Nel 2026 il bonus mamme resta una misura ibrida, articolata su due regimi alternativi. Per le lavoratrici con tre o più figli assunte a tempo indeterminato resta operativo l’esonero contributivo pieno fino a fine anno. Per le altre madri con almeno due figli, entro specifici limiti di reddito, è previsto un contributo erogato dall’INPS. Dal 2027 il quadro cambia ancora con l’introduzione di un nuovo esonero strutturale. Vediamo tutto e spieghiamo caso per caso quali beneficio spetta.
Bonus mamme 2026: le due misure parallele
Contributo INPS fino a 720 euro
Nel 2026 è riconosciuto un contributo pari a 60 euro al mese per un massimo di dodici mensilità, fino a 720 euro complessivi.
Chi può accedere
- lavoratrici dipendenti del settore pubblico e privato (escluso lavoro domestico)
- lavoratrici autonome iscritte a una gestione previdenziale obbligatoria
- madri con almeno due figli
- reddito da lavoro non superiore a 40.000 euro annui
Durata
- madri con due figli: fino al compimento dei 10 anni del figlio più piccolo
- madri con tre o più figli che non rientrano nell’esonero contributivo: fino ai 18 anni del figlio più piccolo
Modalità di erogazione
Il contributo è erogato dall’INPS su domanda.

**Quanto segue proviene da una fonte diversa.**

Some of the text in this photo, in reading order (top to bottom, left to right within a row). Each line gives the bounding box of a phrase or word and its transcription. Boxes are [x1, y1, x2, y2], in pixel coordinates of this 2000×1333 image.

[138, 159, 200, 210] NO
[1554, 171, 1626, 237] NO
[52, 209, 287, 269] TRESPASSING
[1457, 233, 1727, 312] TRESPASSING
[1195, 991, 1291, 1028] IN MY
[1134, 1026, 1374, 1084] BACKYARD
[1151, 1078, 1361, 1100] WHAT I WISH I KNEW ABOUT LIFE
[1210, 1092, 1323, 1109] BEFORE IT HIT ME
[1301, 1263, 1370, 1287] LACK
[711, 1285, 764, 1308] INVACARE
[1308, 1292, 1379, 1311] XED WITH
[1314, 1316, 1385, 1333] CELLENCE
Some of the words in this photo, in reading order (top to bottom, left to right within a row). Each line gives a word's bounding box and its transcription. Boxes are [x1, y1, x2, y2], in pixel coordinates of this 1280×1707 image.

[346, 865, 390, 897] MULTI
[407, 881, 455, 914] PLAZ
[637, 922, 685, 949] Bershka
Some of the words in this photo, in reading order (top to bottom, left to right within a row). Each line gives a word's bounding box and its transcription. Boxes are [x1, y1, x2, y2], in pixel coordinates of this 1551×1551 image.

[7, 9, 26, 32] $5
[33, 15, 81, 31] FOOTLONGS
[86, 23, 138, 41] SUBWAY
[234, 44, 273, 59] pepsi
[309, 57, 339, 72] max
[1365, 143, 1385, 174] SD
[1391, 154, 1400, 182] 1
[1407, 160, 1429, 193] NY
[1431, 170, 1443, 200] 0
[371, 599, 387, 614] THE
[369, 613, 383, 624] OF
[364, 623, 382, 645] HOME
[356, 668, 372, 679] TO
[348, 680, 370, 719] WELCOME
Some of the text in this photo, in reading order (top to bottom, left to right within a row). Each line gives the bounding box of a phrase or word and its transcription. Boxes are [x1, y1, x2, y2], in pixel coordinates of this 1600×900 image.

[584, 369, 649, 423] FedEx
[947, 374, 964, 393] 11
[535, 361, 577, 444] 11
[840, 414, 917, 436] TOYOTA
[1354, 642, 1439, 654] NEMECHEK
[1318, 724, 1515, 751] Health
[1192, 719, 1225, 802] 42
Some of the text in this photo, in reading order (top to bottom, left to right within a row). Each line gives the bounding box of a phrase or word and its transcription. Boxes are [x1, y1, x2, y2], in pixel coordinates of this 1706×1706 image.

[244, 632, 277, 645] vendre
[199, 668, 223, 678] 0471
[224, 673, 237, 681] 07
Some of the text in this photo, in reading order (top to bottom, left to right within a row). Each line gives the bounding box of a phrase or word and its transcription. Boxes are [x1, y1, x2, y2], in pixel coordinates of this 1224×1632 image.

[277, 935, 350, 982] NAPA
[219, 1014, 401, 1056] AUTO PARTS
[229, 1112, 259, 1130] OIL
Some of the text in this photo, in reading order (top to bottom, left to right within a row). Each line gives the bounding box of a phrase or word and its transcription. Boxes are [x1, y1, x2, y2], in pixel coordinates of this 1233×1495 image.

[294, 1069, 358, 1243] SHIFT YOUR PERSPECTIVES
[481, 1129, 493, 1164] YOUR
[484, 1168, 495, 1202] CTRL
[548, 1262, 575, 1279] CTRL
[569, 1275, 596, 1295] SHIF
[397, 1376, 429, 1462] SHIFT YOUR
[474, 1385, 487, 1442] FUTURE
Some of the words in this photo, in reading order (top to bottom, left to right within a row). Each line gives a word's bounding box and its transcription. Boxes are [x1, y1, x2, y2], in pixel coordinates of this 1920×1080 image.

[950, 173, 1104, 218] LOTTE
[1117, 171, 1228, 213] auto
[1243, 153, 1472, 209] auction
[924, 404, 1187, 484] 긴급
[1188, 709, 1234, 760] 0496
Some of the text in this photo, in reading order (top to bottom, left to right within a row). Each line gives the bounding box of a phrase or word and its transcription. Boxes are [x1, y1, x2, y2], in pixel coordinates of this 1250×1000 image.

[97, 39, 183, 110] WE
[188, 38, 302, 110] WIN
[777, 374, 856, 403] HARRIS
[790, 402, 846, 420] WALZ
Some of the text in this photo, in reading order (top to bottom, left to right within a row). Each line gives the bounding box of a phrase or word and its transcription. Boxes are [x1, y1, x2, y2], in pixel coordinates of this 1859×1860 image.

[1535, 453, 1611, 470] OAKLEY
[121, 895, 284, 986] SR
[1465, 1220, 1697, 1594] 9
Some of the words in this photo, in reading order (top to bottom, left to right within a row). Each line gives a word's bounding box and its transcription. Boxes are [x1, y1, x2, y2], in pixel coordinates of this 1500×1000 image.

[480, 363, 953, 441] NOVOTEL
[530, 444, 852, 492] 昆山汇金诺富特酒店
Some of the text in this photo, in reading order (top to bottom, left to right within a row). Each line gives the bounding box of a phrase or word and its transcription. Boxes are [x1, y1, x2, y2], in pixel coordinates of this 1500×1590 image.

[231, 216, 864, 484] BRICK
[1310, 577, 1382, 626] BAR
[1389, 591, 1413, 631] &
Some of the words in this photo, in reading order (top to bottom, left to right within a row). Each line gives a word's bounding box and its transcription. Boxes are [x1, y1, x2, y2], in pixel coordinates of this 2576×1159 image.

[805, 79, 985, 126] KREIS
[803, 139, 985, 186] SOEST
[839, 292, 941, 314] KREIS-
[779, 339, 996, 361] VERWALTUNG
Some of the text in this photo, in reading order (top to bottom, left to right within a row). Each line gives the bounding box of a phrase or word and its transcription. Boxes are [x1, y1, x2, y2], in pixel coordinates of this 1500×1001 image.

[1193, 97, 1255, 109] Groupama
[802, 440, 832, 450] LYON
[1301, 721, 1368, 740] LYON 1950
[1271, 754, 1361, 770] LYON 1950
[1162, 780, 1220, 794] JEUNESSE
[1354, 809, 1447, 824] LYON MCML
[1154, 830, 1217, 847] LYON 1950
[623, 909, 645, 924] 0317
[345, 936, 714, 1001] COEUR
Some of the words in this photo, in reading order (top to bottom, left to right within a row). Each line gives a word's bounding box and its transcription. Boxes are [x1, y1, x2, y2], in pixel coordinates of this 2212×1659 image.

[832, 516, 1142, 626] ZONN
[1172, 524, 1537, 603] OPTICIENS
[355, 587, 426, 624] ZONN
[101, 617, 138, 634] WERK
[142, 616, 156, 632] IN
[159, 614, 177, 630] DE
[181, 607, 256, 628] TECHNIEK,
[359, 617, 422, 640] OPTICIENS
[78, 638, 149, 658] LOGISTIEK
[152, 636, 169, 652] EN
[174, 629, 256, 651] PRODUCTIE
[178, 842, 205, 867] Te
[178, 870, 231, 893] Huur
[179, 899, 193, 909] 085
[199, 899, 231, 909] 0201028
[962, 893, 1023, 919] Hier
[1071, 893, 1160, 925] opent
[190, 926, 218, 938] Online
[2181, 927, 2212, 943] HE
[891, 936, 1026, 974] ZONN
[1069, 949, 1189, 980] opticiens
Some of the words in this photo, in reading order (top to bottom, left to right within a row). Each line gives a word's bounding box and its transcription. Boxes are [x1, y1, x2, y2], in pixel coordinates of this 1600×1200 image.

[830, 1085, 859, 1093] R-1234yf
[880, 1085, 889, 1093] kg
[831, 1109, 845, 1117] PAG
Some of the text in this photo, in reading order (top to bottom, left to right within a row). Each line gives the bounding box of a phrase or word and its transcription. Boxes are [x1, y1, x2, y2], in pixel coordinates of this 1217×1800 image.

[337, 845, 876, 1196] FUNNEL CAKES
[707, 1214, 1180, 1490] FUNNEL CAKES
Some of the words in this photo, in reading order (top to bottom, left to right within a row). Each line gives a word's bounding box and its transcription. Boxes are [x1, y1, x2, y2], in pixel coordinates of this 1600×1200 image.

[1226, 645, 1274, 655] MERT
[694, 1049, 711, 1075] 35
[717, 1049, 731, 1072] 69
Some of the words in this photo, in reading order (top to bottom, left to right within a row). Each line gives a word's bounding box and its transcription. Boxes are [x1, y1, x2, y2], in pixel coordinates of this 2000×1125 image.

Non concorre alla formazione del reddito imponibile, non è soggetto a contribuzione e non incide sull’ISEE.
Per le lavoratrici autonome questa è l’unica misura accessibile nel 2026.
Esonero contributivo 100% fino a 3.000 euro
Fino al 31 dicembre 2026 resta in vigore l’esonero del 100% della quota IVS a carico della lavoratrice per le madri con tre o più figli titolari di un contratto di lavoro dipendente a tempo indeterminato.
Chi può accedere
- lavoratrici dipendenti del settore pubblico o privato
- contratto a tempo indeterminato
- almeno tre figli
- escluso lavoro domestico
Importo e modalità
- esonero fino a 3.000 euro annui, riparametrati mensilmente
- effetto diretto in busta paga tramite riduzione delle trattenute previdenziali
Incompatibilità
Le due misure non sono cumulabili. Se si applica l’esonero contributivo pieno non spetta il contributo mensile da 60 euro.
Bonus mamme 2027: cosa cambia
Nuovo esonero contributivo strutturale
Dal 2027 è previsto l’avvio dell’esonero contributivo introdotto dalla Legge di Bilancio 2025 e rinviato dalla Manovra 2026.
Per chi sarà previsto
- madri lavoratrici con almeno due figli
- entro determinati limiti di reddito
- dipendenti e autonome non in regime forfettario, secondo quanto previsto dalla norma
Le modalità operative e la misura effettiva dell’esonero saranno definite dai provvedimenti attuativi.
Schema riepilogativo
| Anno | Misura | Beneficiarie | Importo massimo |
| 2026 | Contributo INPS | Dipendenti (no domestico) e autonome con almeno 2 figli | 720 euro |
| 2026 | Esonero 100% IVS | Dipendenti TI con 3+ figli | 3.000 euro |
| Dal 2027 | Esonero strutturale | Madri con 2+ figli entro limiti di reddito | Da definire |
Domande relative al 2025
Per le pratiche riferite al 2025 e per le domande integrative o tardive restano valide le istruzioni pubblicate dall’INPS.